All of lore.kernel.org
 help / color / mirror / Atom feed
From: Jay Vosburgh <jay.vosburgh@canonical.com>
To: Aleksei Zakharov <zaharov@selectel.ru>
Cc: netdev@vger.kernel.org, "zhangsha (A)" <zhangsha.zhang@huawei.com>
Subject: Re: Fwd: [PATCH] bonding/802.3ad: fix slave initialization states race
Date: Thu, 26 Sep 2019 13:01:54 -0700	[thread overview]

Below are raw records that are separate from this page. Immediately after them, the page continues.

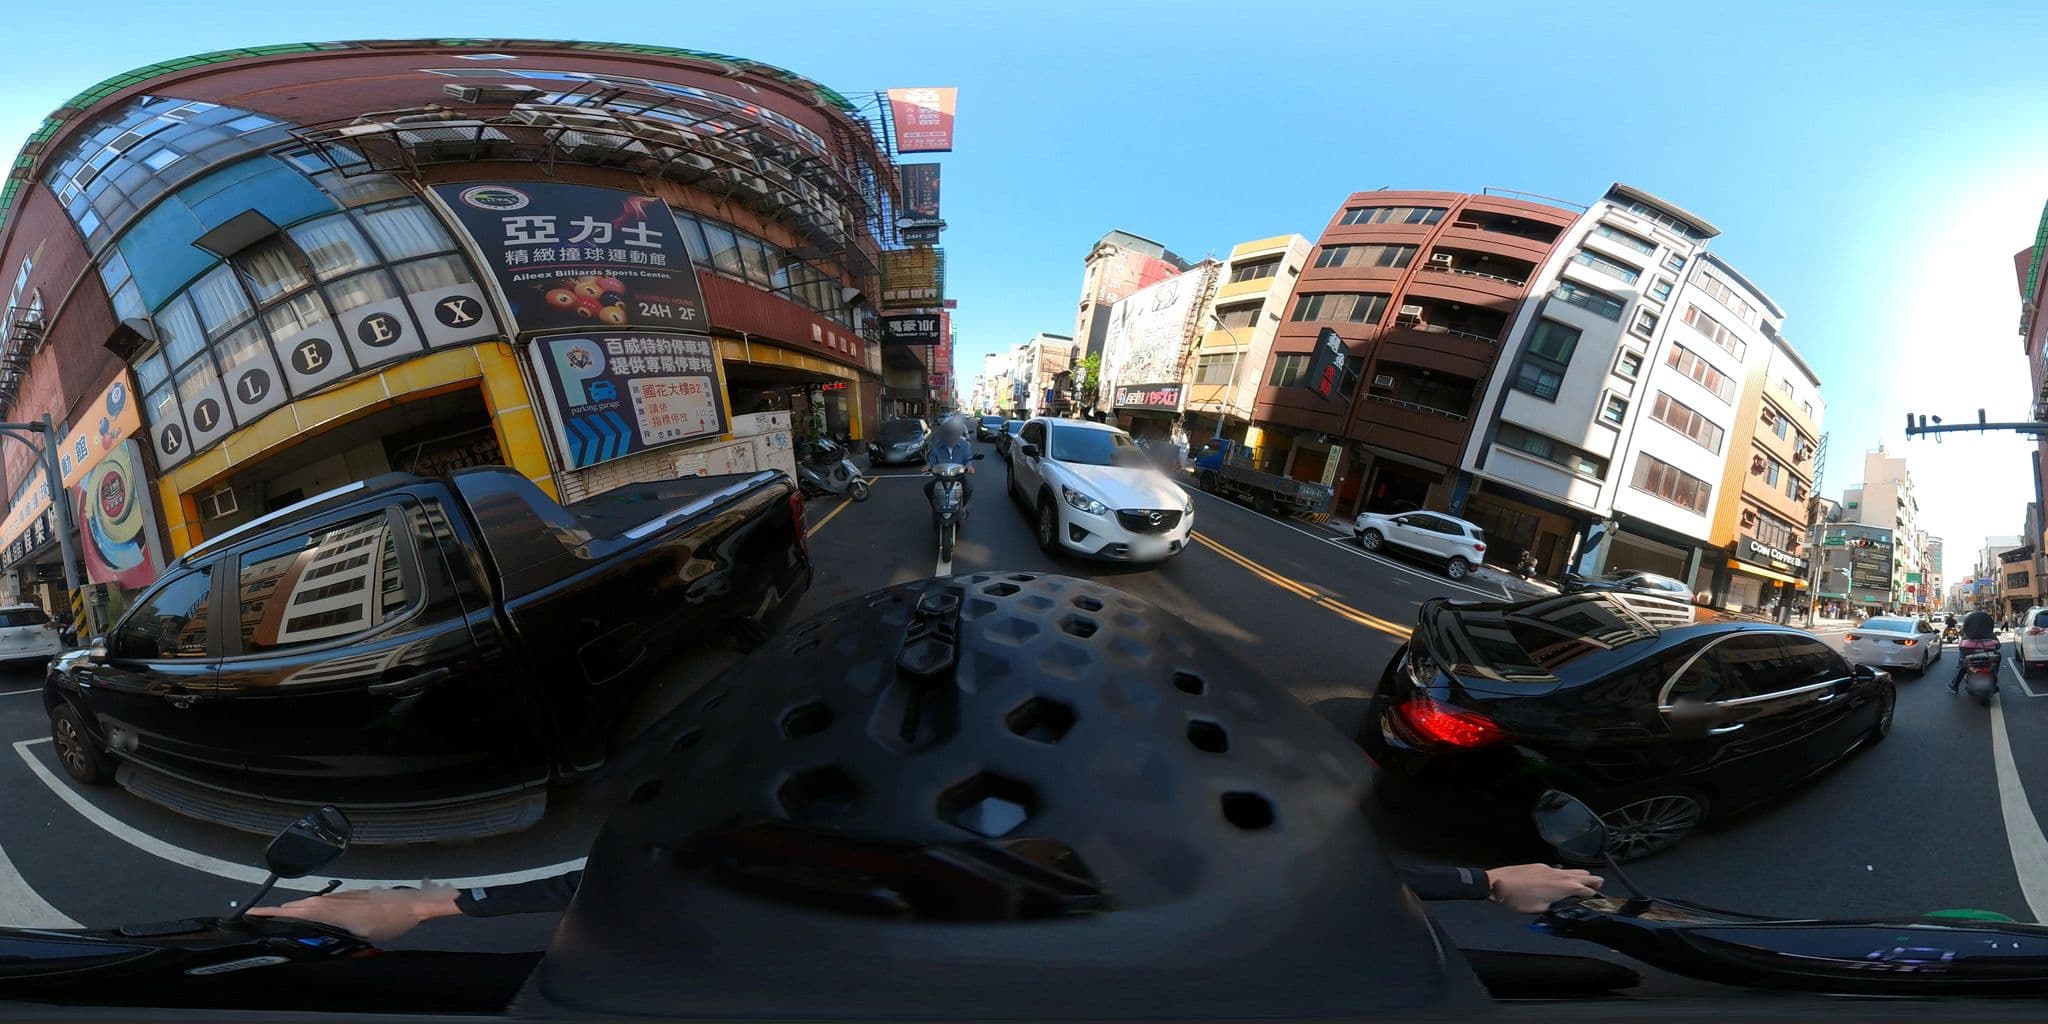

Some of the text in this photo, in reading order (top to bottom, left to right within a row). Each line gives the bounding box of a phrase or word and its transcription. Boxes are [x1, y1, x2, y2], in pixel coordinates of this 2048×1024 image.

[501, 215, 663, 249] 亞力士
[504, 247, 666, 266] 精緻撞球運動館
[512, 270, 551, 282] Aileex
[555, 268, 603, 277] Billiards
[605, 269, 638, 279] Sports
[638, 302, 696, 321] 24H 2F
[604, 337, 712, 356] 百威特約停車場
[610, 356, 713, 375] 提供專屬停車格
[642, 383, 701, 399] 國花大樓B2
[571, 402, 621, 416] parking garage
[649, 402, 669, 416] 請依
[652, 413, 689, 428] 指標停放

Message-ID: <23353.1569528114@nyx> (raw)
In-Reply-To: <CAJYOGF-84BfK8DvAnam9+tgfo4=oBs04zF-ETWRfhz7CE_9oBA@mail.gmail.com>

Aleksei Zakharov <zaharov@selectel.ru> wrote:

>чт, 26 сент. 2019 г. в 07:38, Jay Vosburgh <jay.vosburgh@canonical.com>:
>>
>> Aleksei Zakharov <zaharov@selectel.ru> wrote:
>>
>> >ср, 25 сент. 2019 г. в 03:31, Jay Vosburgh <jay.vosburgh@canonical.com>:
>> >>
>> >> Алексей Захаров wrote:
>> >> [...]
>> >> >Right after reboot one of the slaves hangs with actor port state 71
>> >> >and partner port state 1.
>> >> >It doesn't send lacpdu and seems to be broken.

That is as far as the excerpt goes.